The conversation would follow the same pattern. “Howard,” my wife would say, “I heard about an amazing marriage enrichment program. Can I register for us?” What she really was asking is if I would be prepared to commit 3 hours for the next 12 Wednesday evenings to the hell of listening to couples complain about each other. “What if we enrich our marriage by going out to dinner instead?” I would invariably ask. Which is what we would do, and what I suspect was her plan in the first place.
Sometimes it is better than to do than to talk about doing.
Take company culture for example. Whereas it is no doubt important to understand and recognize the realities of a work environment as well as keeping an eye on the aspirational goals, it is not good enough to simply talk about it. Culture workshops are lovely for those giving them, and do serve to articulate some of the ideals, nothing talks to company culture like not talking about it.
Ahead of a recent team initiative that I was involved in, we debated this issue. Should we include a panel discussion on “Culture”. Given that many people continue to work remotely, and that several employees who had not been with the company prior to COVID had joined, we considered if it was worth spending some time on this subject. Our conclusion? Absolutely not. If a company get-together didn’t display the culture in every other panel, if each cup of coffee wasn’t infused with it, and if the atmosphere, approach, and language didn’t communicate the culture, then we would have failed. If we needed to talk about it and spell it out rather that live it, then we would need to look at the authenticity of all we espoused.
Company culture speaks to the values of the organization.

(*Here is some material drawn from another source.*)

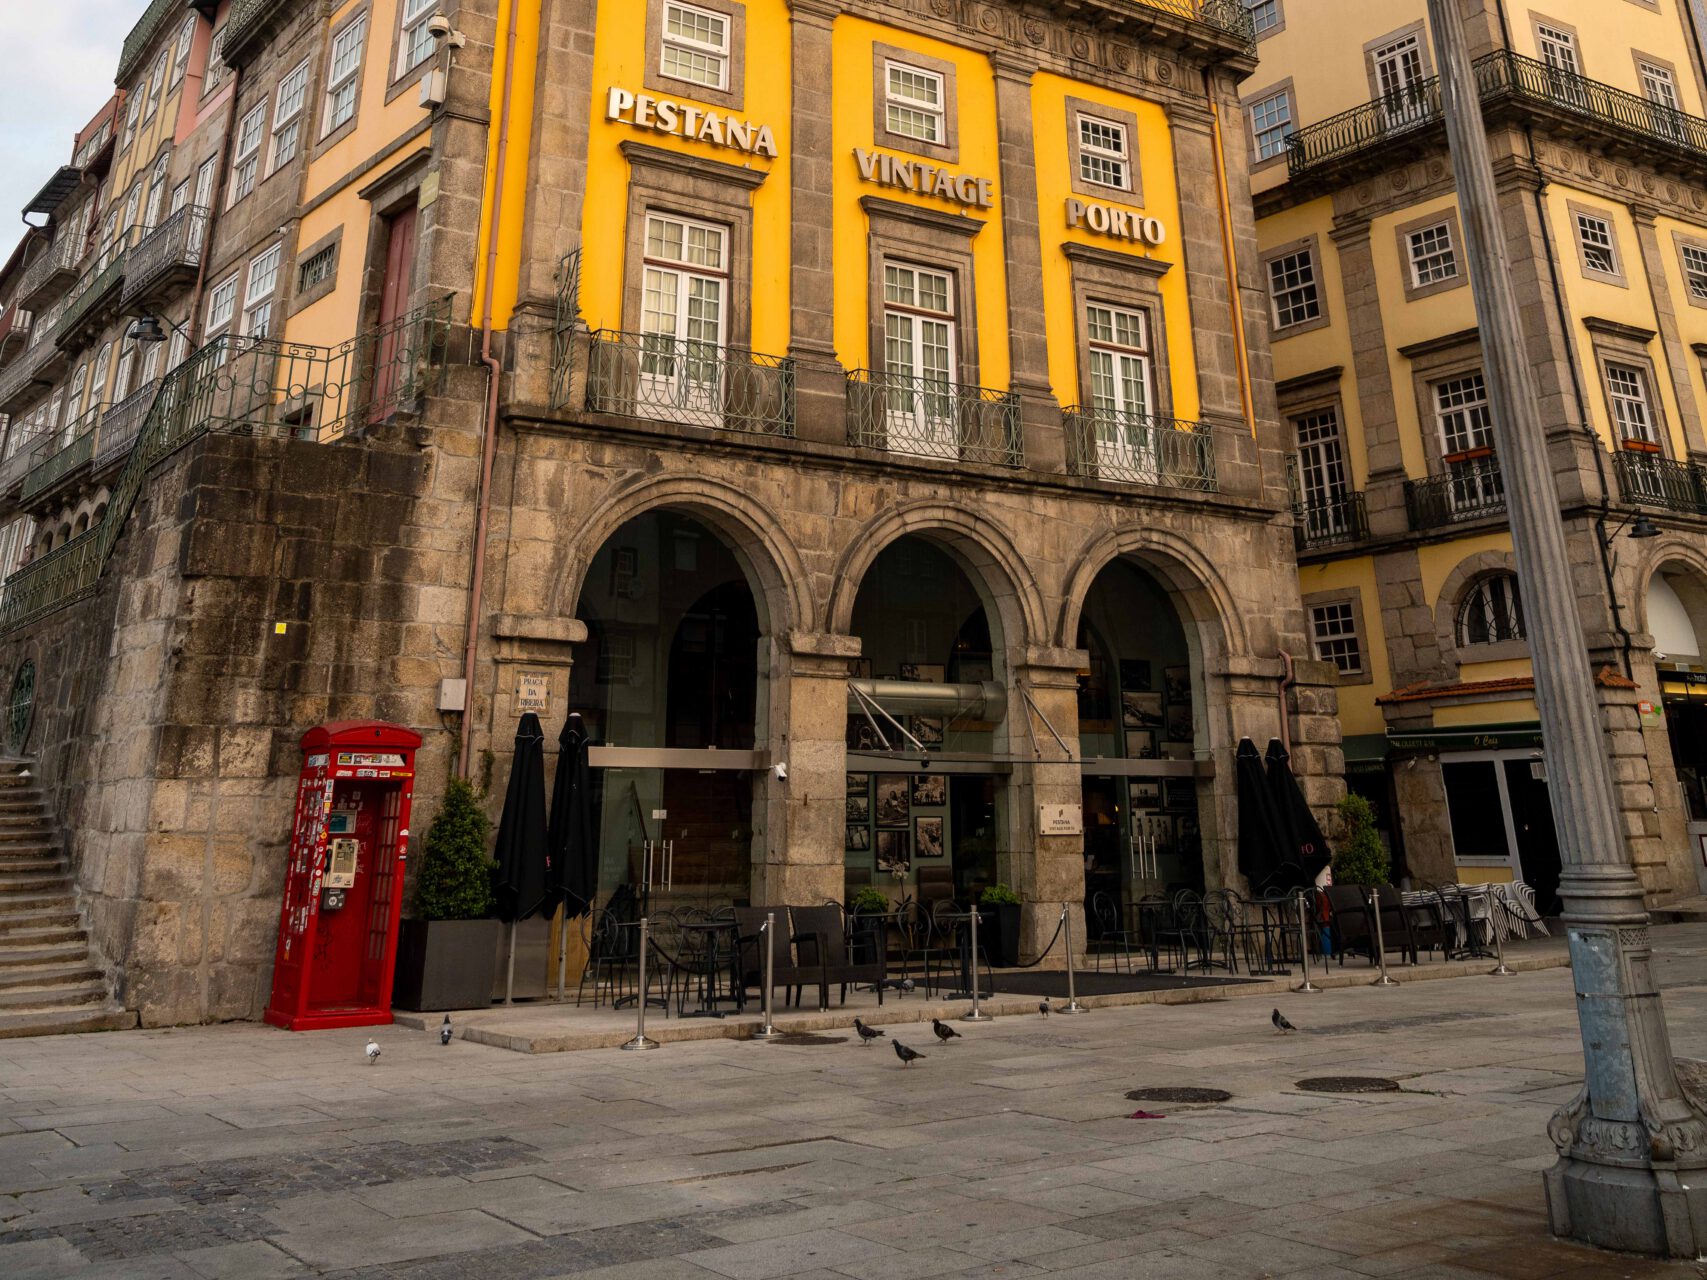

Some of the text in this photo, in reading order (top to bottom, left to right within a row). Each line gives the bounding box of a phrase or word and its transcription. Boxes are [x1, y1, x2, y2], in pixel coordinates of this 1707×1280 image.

[605, 86, 778, 158] PESTANA
[853, 147, 993, 208] VINTAGE
[1065, 198, 1166, 245] PORTO
[528, 688, 536, 696] DA

These can be broad as they include “core values,” “aspirational values” and “Permission to play values.” They also encompass “Unwritten ground rules” which speaks to the undocumented, often unsaid but behaviour of those in the organization.
Unsurprisingly, in theory at least, many companies will list things like integrity, honesty, worth ethic as their core values, when in fact that are closer to “permission to play” values. Permission to play what is required as a minimum for a person to be part of the team. These could include a certain qualification, experience but also the basics of decency and respect, Core values and aspirational values can often overlap as it different times as do the unwritten ground rules, which is where the magic happens.

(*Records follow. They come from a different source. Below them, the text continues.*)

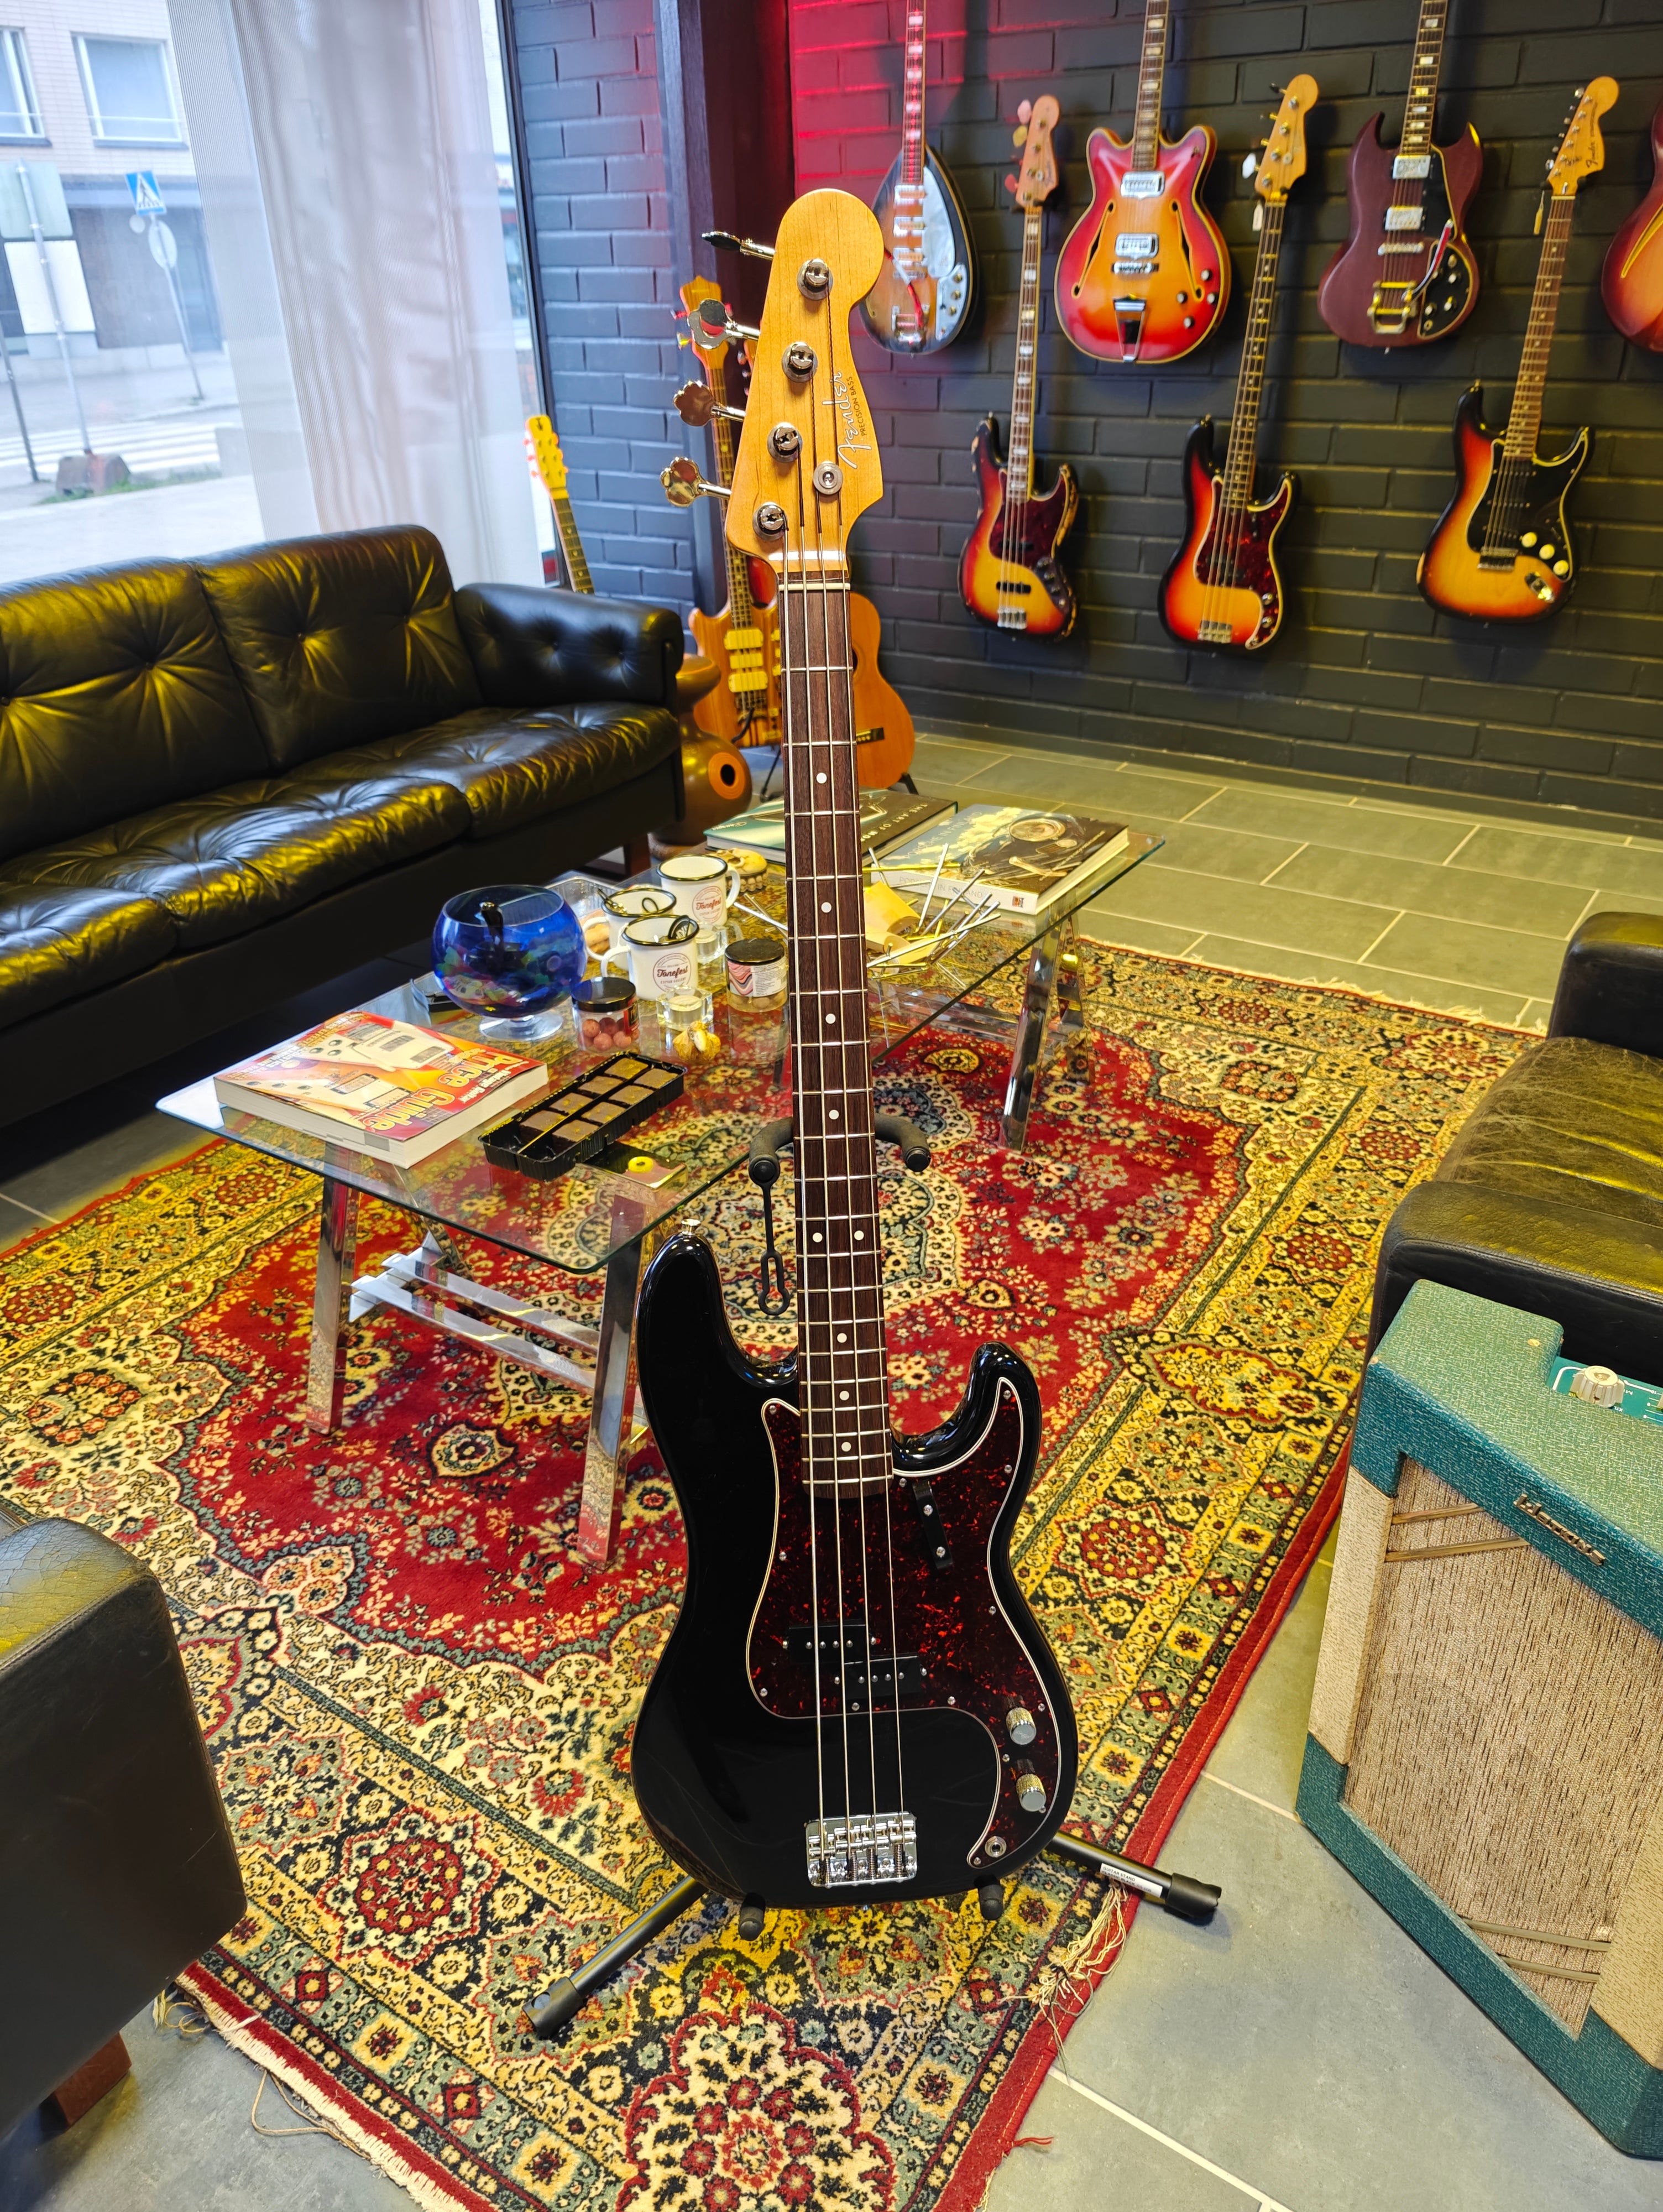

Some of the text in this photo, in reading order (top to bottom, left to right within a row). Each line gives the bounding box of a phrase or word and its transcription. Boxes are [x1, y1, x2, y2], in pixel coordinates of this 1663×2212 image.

[822, 372, 872, 468] Fender
[846, 377, 867, 436] PRECISION BASS
[657, 966, 688, 978] Tonefest
[438, 1051, 523, 1088] Price
[363, 1087, 456, 1130] Guide
[1103, 1866, 1136, 1882] GUITAR STAND

A useful way to determine culture is to start a sentence with the words “Around here…” So, for example, “Around here we set each other up for success” or “around here we keep each other in the loop.” Making these known is valuable as it provides language to a person who might not be able to articulate disappointment in someone not living up to the values and the company. And whereas they need to be communicated, living them is infinitely more important than talking about them.
A friend of mine holds a senior position in an international medical supplies company. The attrition rate of their staff is very high with 60% leaving in less than two years. When I asked why he thinks that is the case, he replied as followed. “We spend so much time patting ourselves on the back and talking about our “Company way” but the reality on the ground is completely juxtaposed to these claims. Until we accept that we need to bridge the gap between what we say and what we do, we will continue to have this problem.”
Marriage enrichment and marriage counselling has a place. Challenges need to be identified, communicated, and resolved. A shared strategy is critical, and couples need to make sure that values and aspirations align. But once that is done, it is infinitely more beneficial and way more fun to go out for a great meal and a magnificent glass of wine than it is to spend another Wednesday listening to someone complain their spouse.